Here the job is to transcribe the data verbatim while leaving each picture out.

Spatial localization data

------------------------------

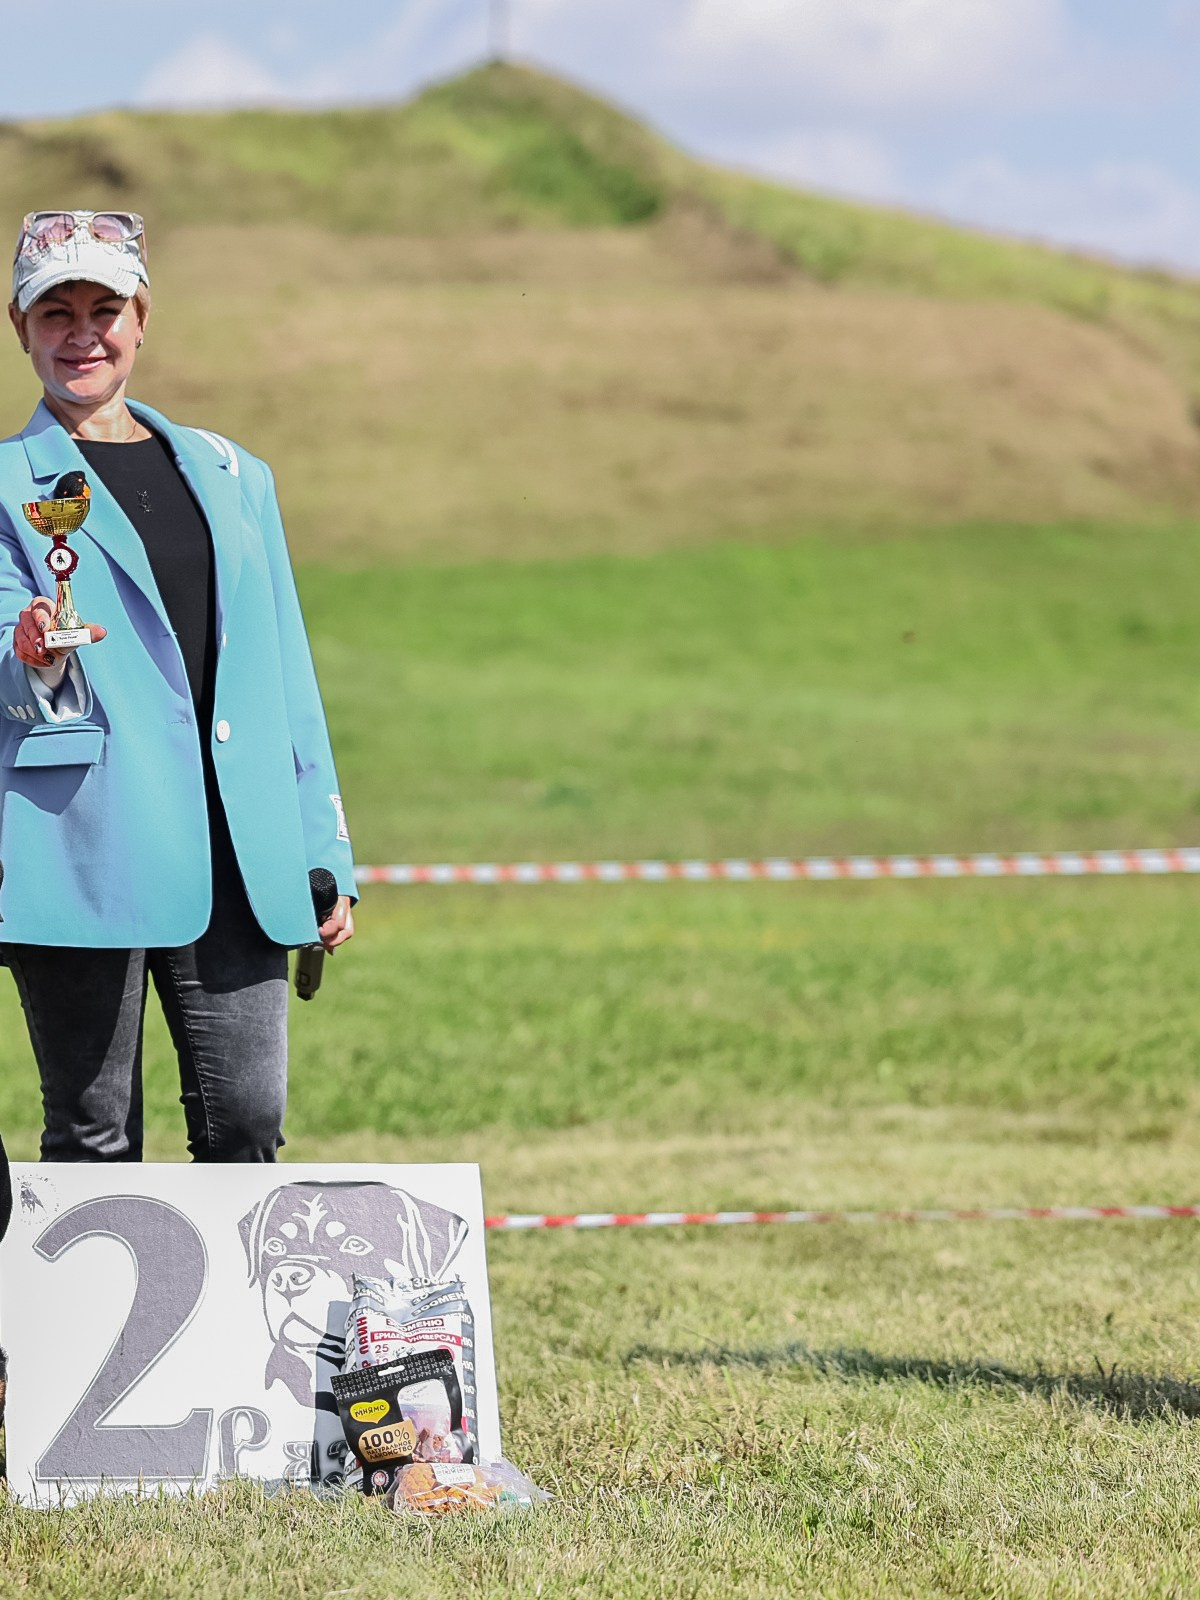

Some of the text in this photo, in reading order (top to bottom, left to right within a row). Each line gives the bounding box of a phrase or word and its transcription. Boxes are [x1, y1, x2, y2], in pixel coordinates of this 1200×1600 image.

[412, 1291, 465, 1316] ЗООМЕН
[33, 1194, 213, 1481] 2
[408, 1333, 457, 1343] УНИВЕРСАЛ
[375, 1343, 389, 1354] 25
[362, 1427, 410, 1450] 100%
[366, 1440, 412, 1455] НАТУРАЛЬНОЕ
[370, 1445, 413, 1459] ЛАКОМСТВО

------------------------------

→ FINAL ANSWER:
Some of the text in this photo, in reading order (top to bottom, left to right within a row). Each line gives the bounding box of a phrase or word and its transcription. Boxes are [x1, y1, x2, y2], in pixel coordinates of this 1200×1600 image.

[412, 1291, 465, 1316] ЗООМЕН
[33, 1194, 213, 1481] 2
[408, 1333, 457, 1343] УНИВЕРСАЛ
[375, 1343, 389, 1354] 25
[362, 1427, 410, 1450] 100%
[366, 1440, 412, 1455] НАТУРАЛЬНОЕ
[370, 1445, 413, 1459] ЛАКОМСТВО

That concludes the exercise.